University of Adelaide professor Sarah Robertson thinks the likelihood of fertilization is based on chemical communication between a man's sperm and a woman's body, which determines whether it accepts the presence of the sperm by making changes in her immune system.

Robertson says that the assumption in treating infertility has been that if a man's semen tested as normal, that meant there was something wrong with the woman's reproductive system which prevented her from becoming pregnant. Her research suggests that the problem may not lie with either individual, but with compatibility in the signaling between sperm and host.
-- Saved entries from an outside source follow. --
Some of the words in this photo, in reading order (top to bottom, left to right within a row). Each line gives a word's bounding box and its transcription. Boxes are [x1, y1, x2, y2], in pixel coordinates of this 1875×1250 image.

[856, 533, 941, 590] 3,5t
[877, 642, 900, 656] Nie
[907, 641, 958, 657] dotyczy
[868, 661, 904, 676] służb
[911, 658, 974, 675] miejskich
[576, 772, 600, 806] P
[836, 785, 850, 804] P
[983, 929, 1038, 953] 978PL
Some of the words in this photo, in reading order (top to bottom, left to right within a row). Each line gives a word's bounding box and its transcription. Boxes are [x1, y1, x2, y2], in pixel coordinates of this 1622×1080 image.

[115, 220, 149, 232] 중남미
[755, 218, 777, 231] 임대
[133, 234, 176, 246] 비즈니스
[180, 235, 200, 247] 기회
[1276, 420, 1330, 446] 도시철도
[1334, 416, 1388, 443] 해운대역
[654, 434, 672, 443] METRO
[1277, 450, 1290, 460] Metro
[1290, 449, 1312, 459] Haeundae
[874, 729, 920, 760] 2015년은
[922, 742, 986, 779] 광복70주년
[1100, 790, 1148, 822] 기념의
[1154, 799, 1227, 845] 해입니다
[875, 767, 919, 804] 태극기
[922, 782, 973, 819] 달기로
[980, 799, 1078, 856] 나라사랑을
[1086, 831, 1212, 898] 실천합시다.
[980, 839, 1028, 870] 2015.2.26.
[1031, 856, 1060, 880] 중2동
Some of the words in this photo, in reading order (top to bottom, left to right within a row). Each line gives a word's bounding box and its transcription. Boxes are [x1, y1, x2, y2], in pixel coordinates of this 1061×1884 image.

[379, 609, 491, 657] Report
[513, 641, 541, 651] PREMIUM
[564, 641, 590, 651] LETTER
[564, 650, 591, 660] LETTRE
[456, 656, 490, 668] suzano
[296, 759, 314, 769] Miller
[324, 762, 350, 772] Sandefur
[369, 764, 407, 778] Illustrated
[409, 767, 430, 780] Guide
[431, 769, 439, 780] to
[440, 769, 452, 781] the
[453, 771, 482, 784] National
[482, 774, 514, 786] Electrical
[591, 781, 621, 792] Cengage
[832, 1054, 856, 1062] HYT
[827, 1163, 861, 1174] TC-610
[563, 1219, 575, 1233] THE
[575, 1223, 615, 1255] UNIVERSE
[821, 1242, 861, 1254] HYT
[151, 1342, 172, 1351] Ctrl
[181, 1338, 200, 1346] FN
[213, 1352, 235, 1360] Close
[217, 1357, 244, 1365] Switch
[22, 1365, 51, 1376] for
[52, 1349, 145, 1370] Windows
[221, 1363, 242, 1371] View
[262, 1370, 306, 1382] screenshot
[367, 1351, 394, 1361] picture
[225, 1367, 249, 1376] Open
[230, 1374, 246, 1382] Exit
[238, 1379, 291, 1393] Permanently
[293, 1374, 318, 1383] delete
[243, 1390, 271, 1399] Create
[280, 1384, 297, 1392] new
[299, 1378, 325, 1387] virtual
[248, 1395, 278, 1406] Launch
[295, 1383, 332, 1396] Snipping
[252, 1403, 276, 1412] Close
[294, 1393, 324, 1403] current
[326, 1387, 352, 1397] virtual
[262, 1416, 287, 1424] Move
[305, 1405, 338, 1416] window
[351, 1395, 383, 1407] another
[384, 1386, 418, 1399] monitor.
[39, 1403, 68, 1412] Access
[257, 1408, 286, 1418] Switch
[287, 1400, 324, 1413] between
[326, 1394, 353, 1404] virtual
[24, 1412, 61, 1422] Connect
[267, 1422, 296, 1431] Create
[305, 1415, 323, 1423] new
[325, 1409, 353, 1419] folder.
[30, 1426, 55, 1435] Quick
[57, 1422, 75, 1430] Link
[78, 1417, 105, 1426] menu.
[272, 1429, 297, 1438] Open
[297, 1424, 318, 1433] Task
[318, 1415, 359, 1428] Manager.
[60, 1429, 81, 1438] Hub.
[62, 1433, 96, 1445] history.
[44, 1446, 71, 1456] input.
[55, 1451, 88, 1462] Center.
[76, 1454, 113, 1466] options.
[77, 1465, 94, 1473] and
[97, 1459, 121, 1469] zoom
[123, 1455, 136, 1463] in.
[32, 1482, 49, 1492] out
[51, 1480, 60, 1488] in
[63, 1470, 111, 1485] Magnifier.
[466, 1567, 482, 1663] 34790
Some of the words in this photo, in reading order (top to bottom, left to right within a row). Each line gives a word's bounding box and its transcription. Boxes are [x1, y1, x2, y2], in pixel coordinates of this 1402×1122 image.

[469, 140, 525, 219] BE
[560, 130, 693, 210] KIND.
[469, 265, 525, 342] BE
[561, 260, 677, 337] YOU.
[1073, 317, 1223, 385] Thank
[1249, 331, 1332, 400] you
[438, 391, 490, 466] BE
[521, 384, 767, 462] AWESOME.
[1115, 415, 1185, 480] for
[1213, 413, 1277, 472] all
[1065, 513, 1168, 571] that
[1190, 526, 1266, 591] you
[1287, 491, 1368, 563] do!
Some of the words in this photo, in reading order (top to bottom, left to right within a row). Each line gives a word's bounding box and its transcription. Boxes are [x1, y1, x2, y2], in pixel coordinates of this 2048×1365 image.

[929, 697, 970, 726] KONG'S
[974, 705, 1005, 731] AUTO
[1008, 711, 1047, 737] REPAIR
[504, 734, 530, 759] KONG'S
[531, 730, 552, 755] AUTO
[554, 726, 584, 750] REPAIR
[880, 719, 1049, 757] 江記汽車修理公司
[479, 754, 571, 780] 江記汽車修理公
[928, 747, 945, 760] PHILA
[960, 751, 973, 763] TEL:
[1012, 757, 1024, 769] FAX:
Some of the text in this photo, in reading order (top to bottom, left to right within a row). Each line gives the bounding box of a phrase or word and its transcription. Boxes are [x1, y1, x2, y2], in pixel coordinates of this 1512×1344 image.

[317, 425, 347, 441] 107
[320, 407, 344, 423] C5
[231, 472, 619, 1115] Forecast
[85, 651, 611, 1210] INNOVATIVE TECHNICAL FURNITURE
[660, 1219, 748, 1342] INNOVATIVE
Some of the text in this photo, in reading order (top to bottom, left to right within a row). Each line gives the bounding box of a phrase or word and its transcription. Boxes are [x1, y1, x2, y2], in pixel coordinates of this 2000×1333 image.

And a degree of familiarity, in this case, breeds not contempt but greater likelihood of acceptance. A woman's body is more likely to accept the sperm of a man whose semen she has been exposed to for a period of at least three months.

Another factor in whether the sperm is accepted could be whether environmental conditions are favorable for a pregnancy, Robertson says.

Robertson's research has mostly been in mice and pigs thus far, as well as some with human cells. She is currently recruiting female subjects to continue her research in humans.

Despite the fact that the actual research done to this point has not been in women's bodies, some news outlets could not let pass by the opportunity to suggest that men are right when they say "women are too picky". Every good news story needs a hook. There is none more tried and true than, "And another thing that's wrong with women is . . ."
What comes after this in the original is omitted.